Reproduce exactly the line that includes "this 1544×1028 image." and all lines after it, ending with the last line of the data.
------------------------------------------------------------------------
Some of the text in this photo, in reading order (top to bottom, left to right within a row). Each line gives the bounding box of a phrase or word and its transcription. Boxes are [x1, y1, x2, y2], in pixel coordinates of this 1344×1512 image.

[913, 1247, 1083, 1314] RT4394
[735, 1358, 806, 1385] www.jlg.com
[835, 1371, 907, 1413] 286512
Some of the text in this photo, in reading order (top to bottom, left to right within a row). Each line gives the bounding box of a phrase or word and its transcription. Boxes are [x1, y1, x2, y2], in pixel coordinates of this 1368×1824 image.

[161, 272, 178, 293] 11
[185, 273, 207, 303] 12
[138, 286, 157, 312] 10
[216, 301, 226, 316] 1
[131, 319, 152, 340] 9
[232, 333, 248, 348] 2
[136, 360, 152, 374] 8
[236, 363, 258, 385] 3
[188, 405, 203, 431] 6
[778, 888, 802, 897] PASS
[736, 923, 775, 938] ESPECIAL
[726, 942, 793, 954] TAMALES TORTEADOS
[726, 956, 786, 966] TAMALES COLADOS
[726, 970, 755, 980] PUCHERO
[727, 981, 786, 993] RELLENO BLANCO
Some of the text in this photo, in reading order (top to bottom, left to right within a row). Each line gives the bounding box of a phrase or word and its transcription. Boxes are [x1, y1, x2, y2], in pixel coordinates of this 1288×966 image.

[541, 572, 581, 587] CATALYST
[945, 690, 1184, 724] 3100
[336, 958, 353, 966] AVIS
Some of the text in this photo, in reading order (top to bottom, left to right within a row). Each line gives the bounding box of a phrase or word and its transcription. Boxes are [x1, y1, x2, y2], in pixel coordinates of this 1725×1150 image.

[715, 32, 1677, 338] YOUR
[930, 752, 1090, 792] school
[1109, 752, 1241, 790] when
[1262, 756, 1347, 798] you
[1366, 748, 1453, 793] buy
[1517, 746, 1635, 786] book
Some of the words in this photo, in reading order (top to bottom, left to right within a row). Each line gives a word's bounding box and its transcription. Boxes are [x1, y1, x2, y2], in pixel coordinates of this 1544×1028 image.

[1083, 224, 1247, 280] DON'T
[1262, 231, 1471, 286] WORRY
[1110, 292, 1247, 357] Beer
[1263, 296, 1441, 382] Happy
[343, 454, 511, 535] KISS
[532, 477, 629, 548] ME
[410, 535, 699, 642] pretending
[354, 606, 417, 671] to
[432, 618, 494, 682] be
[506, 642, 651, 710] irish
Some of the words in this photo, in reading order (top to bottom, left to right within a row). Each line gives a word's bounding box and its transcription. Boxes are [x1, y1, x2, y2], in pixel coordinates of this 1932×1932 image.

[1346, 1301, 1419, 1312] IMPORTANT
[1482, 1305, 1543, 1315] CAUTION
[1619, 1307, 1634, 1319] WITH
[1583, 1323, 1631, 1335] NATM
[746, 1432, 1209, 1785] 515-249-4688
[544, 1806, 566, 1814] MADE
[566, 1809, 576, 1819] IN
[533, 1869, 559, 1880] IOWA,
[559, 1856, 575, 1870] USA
------------------------------------------------------------------------
Solution:
Some of the words in this photo, in reading order (top to bottom, left to right within a row). Each line gives a word's bounding box and its transcription. Boxes are [x1, y1, x2, y2], in pixel coordinates of this 1544×1028 image.

[1083, 224, 1247, 280] DON'T
[1262, 231, 1471, 286] WORRY
[1110, 292, 1247, 357] Beer
[1263, 296, 1441, 382] Happy
[343, 454, 511, 535] KISS
[532, 477, 629, 548] ME
[410, 535, 699, 642] pretending
[354, 606, 417, 671] to
[432, 618, 494, 682] be
[506, 642, 651, 710] irish
Some of the words in this photo, in reading order (top to bottom, left to right within a row). Each line gives a word's bounding box and its transcription. Boxes are [x1, y1, x2, y2], in pixel coordinates of this 1932×1932 image.

[1346, 1301, 1419, 1312] IMPORTANT
[1482, 1305, 1543, 1315] CAUTION
[1619, 1307, 1634, 1319] WITH
[1583, 1323, 1631, 1335] NATM
[746, 1432, 1209, 1785] 515-249-4688
[544, 1806, 566, 1814] MADE
[566, 1809, 576, 1819] IN
[533, 1869, 559, 1880] IOWA,
[559, 1856, 575, 1870] USA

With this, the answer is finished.